Here's the crazy thing. The California constitution is completely backwards. Citizens can amend the constitution by a simple majority initiative. But the legislature can only pass a routine budget with a two-thirds majority.

That makes it ridiculously simple to change the constitution and simultaneously makes it ridiculously difficult to pass a simple annual budget. What an upside down mess.

So by crippling the legislature, you effectively end up running large portions of the government by the whims of citizen initiatives. That's a large part of the reason there are always a slew of initiatives on the ballot.
posted by JackFlash at 6:30 PM on November 9, 2018 [6 favorites]


It is *exceedingly* rare - last one was Trafficant, before that Abscam stuff in 1980.

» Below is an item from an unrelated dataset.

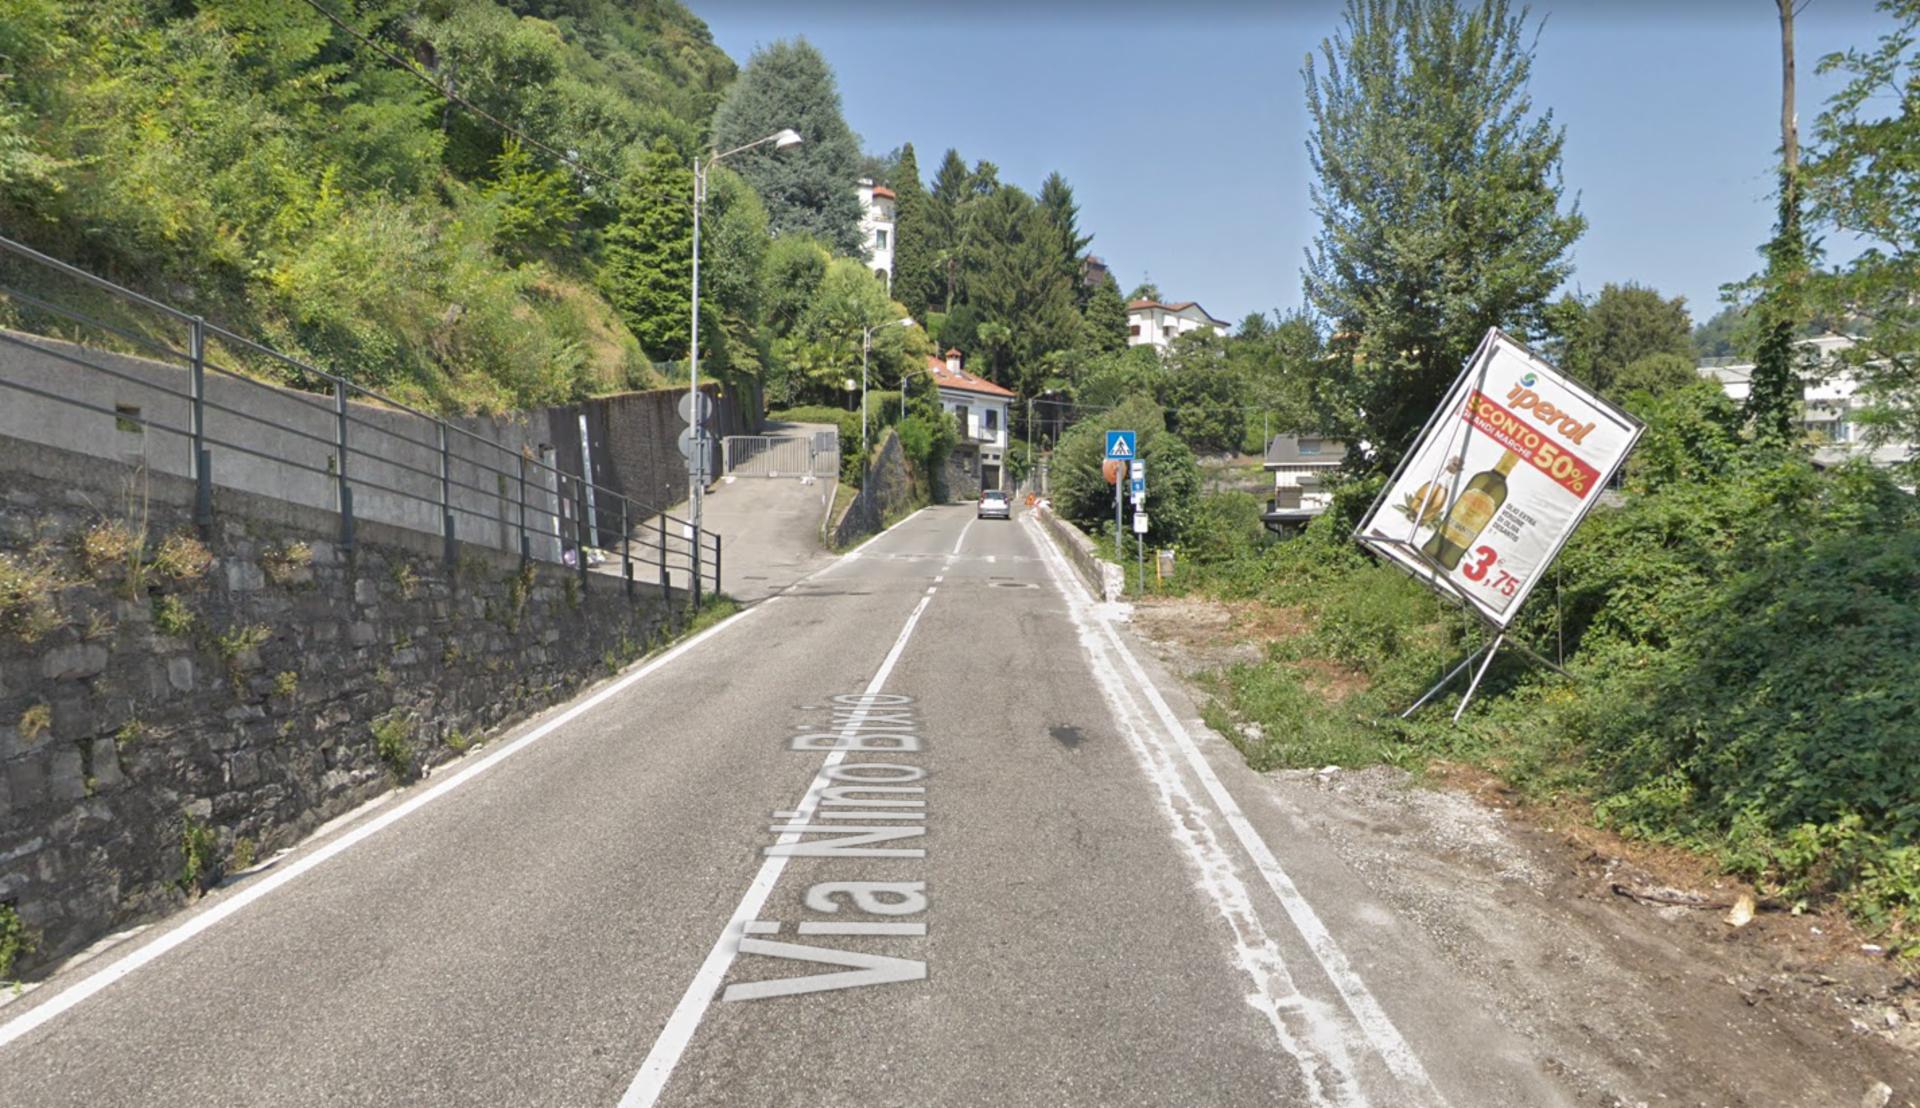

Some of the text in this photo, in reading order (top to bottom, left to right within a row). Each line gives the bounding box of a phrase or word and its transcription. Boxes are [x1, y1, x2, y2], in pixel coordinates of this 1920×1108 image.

[1507, 383, 1596, 446] iperal
[1468, 395, 1588, 492] SCONTO 50%
[1494, 429, 1533, 459] MARCHE
[1520, 511, 1537, 527] EXTRA

when someone says that some minor congressional rule is “exceedingly rare”, i usually interpret that as “has not been attempted since Reconstruction”.

jim trafficant was 2002! that’s like yesterday!

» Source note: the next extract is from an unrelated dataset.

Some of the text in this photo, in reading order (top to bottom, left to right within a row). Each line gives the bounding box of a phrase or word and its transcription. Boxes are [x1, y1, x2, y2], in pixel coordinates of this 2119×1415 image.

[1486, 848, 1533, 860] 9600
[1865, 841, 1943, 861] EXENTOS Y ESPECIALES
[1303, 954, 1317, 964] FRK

(on the other hand trafficant had absolutely no friends in Congress and was a pariah in the house for years before he finally got nailed for corruption.)
posted by murphy slaw at 6:31 PM on November 9, 2018


Yeah, but it was only twice since the Civil War! Although, to be fair, there were some more attempts.
posted by Chrysostom at 6:33 PM on November 9, 2018


High turnout in CA this year is going to raise the requirements to get initiatives on the ballots next time.
posted by Chrysostom at 6:34 PM on November 9, 2018 [2 favorites]




(putting together another Election Day thread)
posted by Chrysostom at 7:18 PM on November 9, 2018 [8 favorites]


(waiting, humming Jeopardy tune)
posted by homunculus at 7:31 PM on November 9, 2018 [5 favorites]




(waiting, humming Jeopardy tune)

Christine Lavin's lyrics: (1993)
Back in high school, you were a square,
Carried books and slide rules everywhere.
You scored straight A’s year after year.
They called you geek; they called you queer.

For everyone who laughed in your face,
Now’s your chance to put them in their place.
‘Cause you’re on a TV show
Where your big brain wins big dough.

Boom. Boom.
posted by mikelieman at 7:41 PM on November 9, 2018 [6 favorites]


Exit polls show Golden a heavy favorite to win ME-02 instant runoff.

Okay, that just reads dirty.

Approved.
posted by petebest at 7:41 PM on November 9, 2018 [3 favorites]


Harder's taken the lead in CA-10. California is a freaking GOP killing field.

I... think we're gonna run the table and flip all 6 seats. CA-10, CA-25, CA-39, CA-45, CA-48, and CA-49! 2 have already been called, we're ahead in 2 more now, and we're behind by 2-2.5k in the other two. I will never doubt you again, california.
posted by Justinian at 8:14 PM on November 9, 2018 [12 favorites]


The crypto-GOP guy is losing for Insurance Commissioner, too.
posted by Chrysostom at 8:17 PM on November 9, 2018 [5 favorites]


Can any Congress-watchers comment on what dangers the lame-duck session might hold for healthcare law? I seem to recall speculation during the various ACA repeal pushes that the Republicans could potentially revive their efforts after the election. This is an even bigger concern with McCain out of the picture. OTOH, I thought they blew their shots at reconciliation on the failed repeal and the tax bill. Is ACA repeal via reconciliation something they can still force through in the next two months, and how likely is it to happen?
posted by Rhaomi at 8:24 PM on November 9, 2018


Even in bright red Oklahoma my high school history teacher won a state seat as part of the new "fund education fuckers" Teacher Caucus. He's a good liberal and smart as hell. Even in the most partisan Republican states, change is a comin'.
posted by downtohisturtles at 8:27 PM on November 9, 2018 [30 favorites]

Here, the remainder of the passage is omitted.